• **Given records**
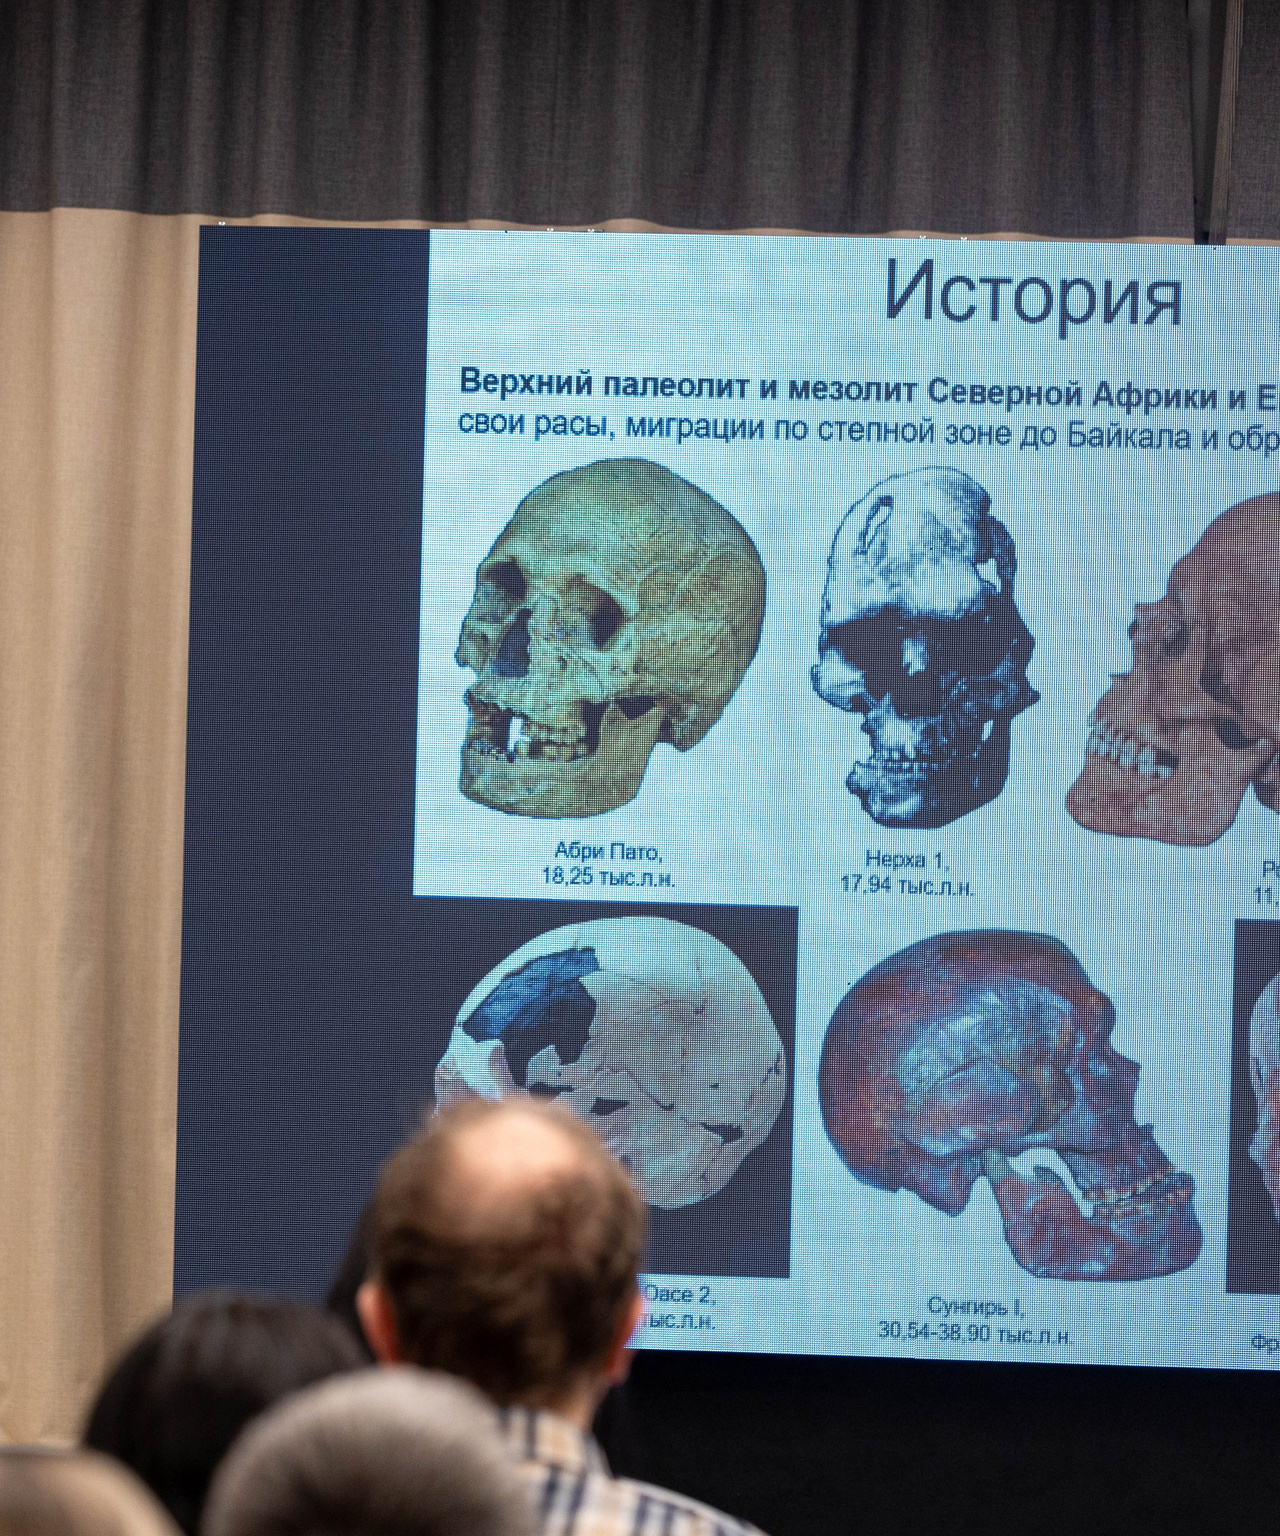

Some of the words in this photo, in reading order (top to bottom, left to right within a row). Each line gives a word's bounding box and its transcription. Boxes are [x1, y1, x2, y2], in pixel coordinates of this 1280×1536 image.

[887, 257, 1182, 341] История
[460, 366, 593, 400] Верхний
[604, 376, 750, 398] палеолит
[760, 380, 777, 398] и
[789, 380, 919, 401] мезолит
[929, 376, 1083, 412] Северной
[1093, 380, 1218, 415] Африки
[1229, 390, 1246, 409] и
[1258, 384, 1280, 411] Е
[459, 413, 525, 434] свои
[534, 414, 615, 441] расы,
[627, 416, 764, 444] миграции
[774, 420, 808, 441] по
[819, 417, 935, 443] степной
[945, 424, 1012, 445] зоне
[1020, 425, 1057, 450] до
[1069, 420, 1191, 449] Байкала
[1203, 430, 1218, 449] и
[554, 841, 604, 862] Абри
[610, 842, 663, 863] Пато,
[865, 849, 926, 871] Нерха
[935, 851, 950, 871] 1,
[543, 866, 593, 887] 18,25
[599, 871, 675, 887] тыс.л.н.
[841, 873, 891, 894] 17,94
[898, 879, 975, 897] тыс.л.н.
[699, 1285, 716, 1305] 2,
[928, 1296, 1008, 1319] Сунгирь
[878, 1320, 990, 1343] 30,54-38,90
[998, 1328, 1073, 1344] тыс.л.н.
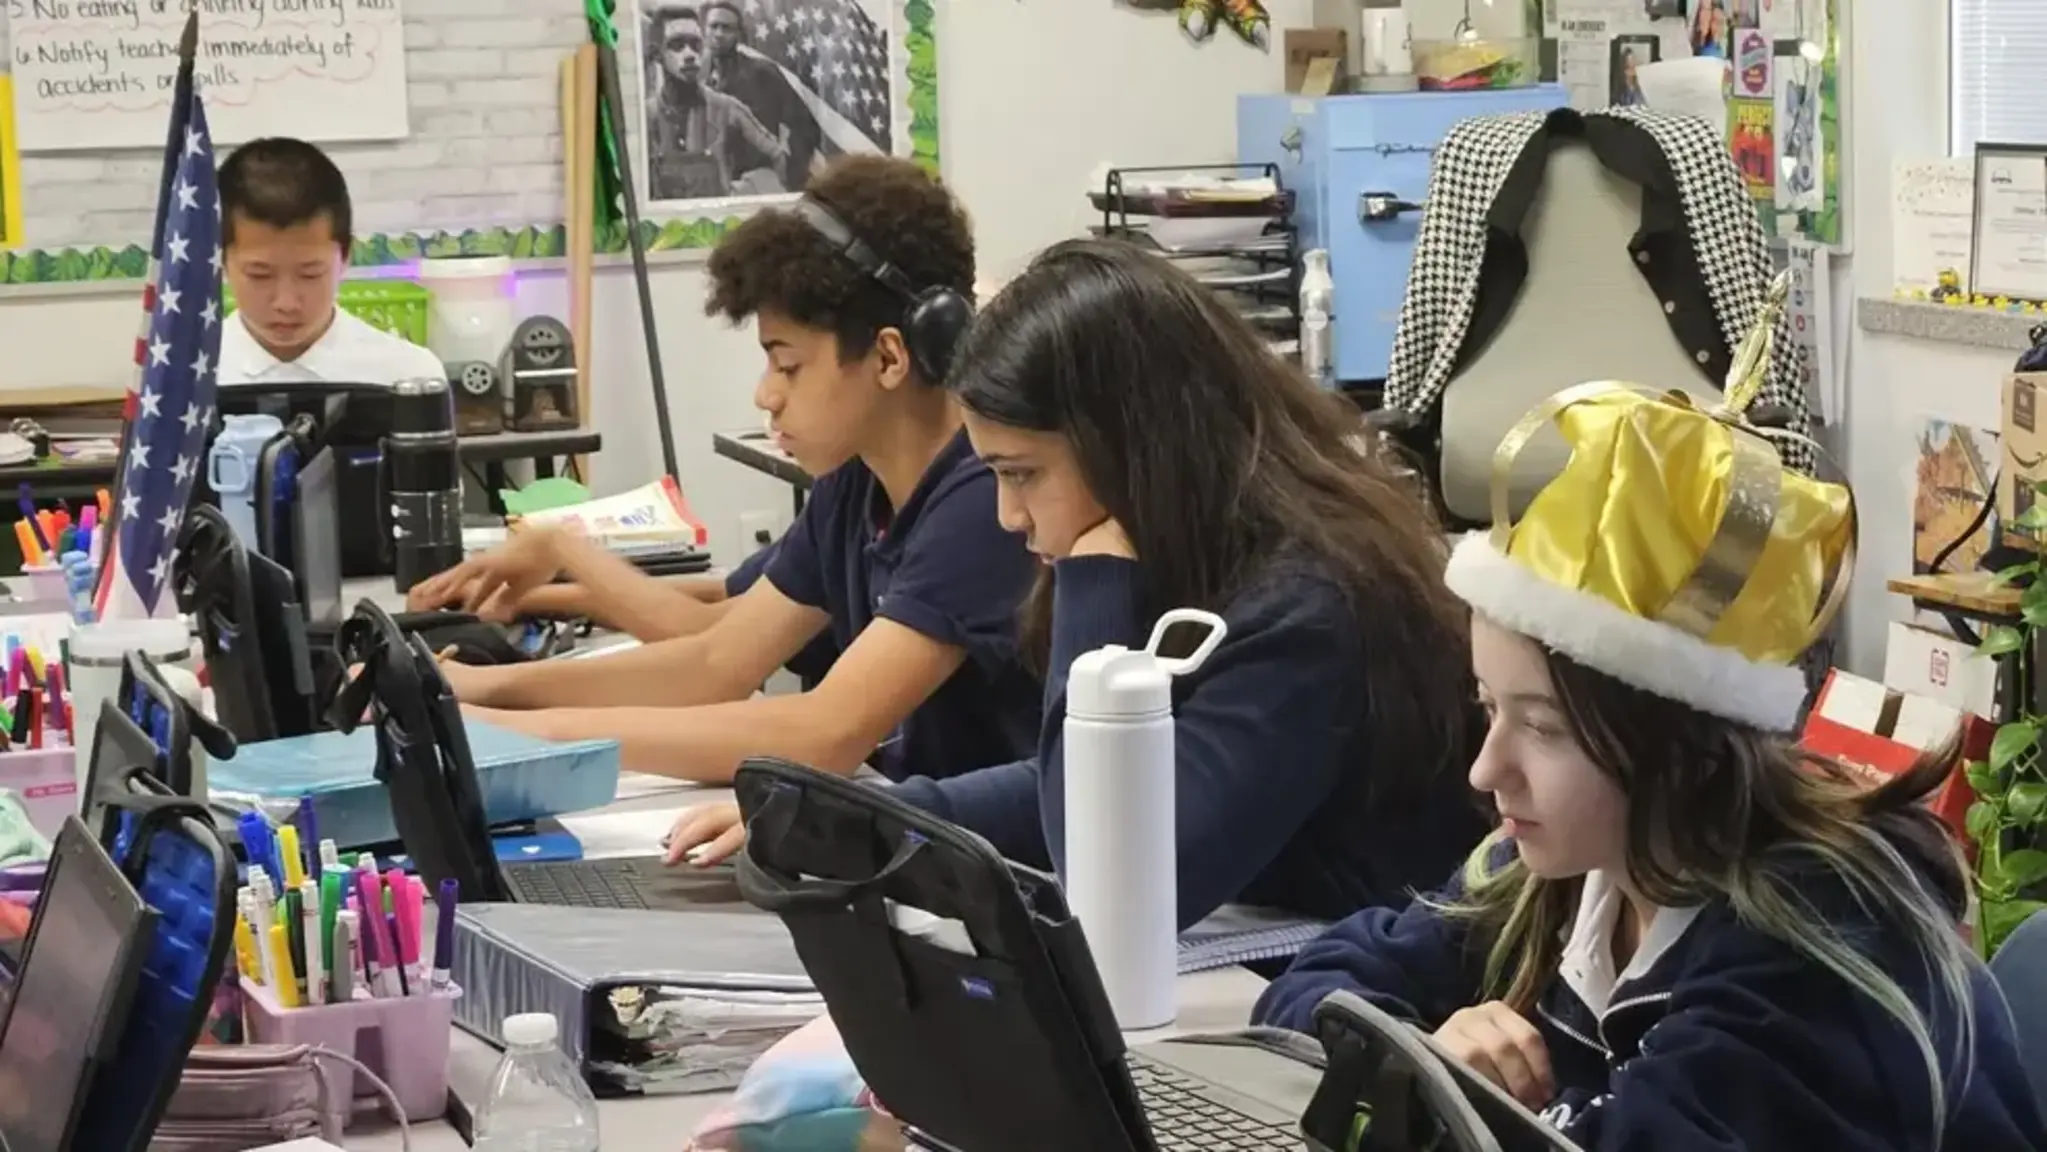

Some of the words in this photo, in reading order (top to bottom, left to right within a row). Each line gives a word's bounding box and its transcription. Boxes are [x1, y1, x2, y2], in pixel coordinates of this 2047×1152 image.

• **What you need to do**
An exact copy of the listing is required; return it without any pictures.

• **Exercise result**
Some of the words in this photo, in reading order (top to bottom, left to right within a row). Each line gives a word's bounding box and its transcription. Boxes are [x1, y1, x2, y2], in pixel coordinates of this 1280×1536 image.

[887, 257, 1182, 341] История
[460, 366, 593, 400] Верхний
[604, 376, 750, 398] палеолит
[760, 380, 777, 398] и
[789, 380, 919, 401] мезолит
[929, 376, 1083, 412] Северной
[1093, 380, 1218, 415] Африки
[1229, 390, 1246, 409] и
[1258, 384, 1280, 411] Е
[459, 413, 525, 434] свои
[534, 414, 615, 441] расы,
[627, 416, 764, 444] миграции
[774, 420, 808, 441] по
[819, 417, 935, 443] степной
[945, 424, 1012, 445] зоне
[1020, 425, 1057, 450] до
[1069, 420, 1191, 449] Байкала
[1203, 430, 1218, 449] и
[554, 841, 604, 862] Абри
[610, 842, 663, 863] Пато,
[865, 849, 926, 871] Нерха
[935, 851, 950, 871] 1,
[543, 866, 593, 887] 18,25
[599, 871, 675, 887] тыс.л.н.
[841, 873, 891, 894] 17,94
[898, 879, 975, 897] тыс.л.н.
[699, 1285, 716, 1305] 2,
[928, 1296, 1008, 1319] Сунгирь
[878, 1320, 990, 1343] 30,54-38,90
[998, 1328, 1073, 1344] тыс.л.н.

Some of the words in this photo, in reading order (top to bottom, left to right within a row). Each line gives a word's bounding box and its transcription. Boxes are [x1, y1, x2, y2], in pixel coordinates of this 2047×1152 image.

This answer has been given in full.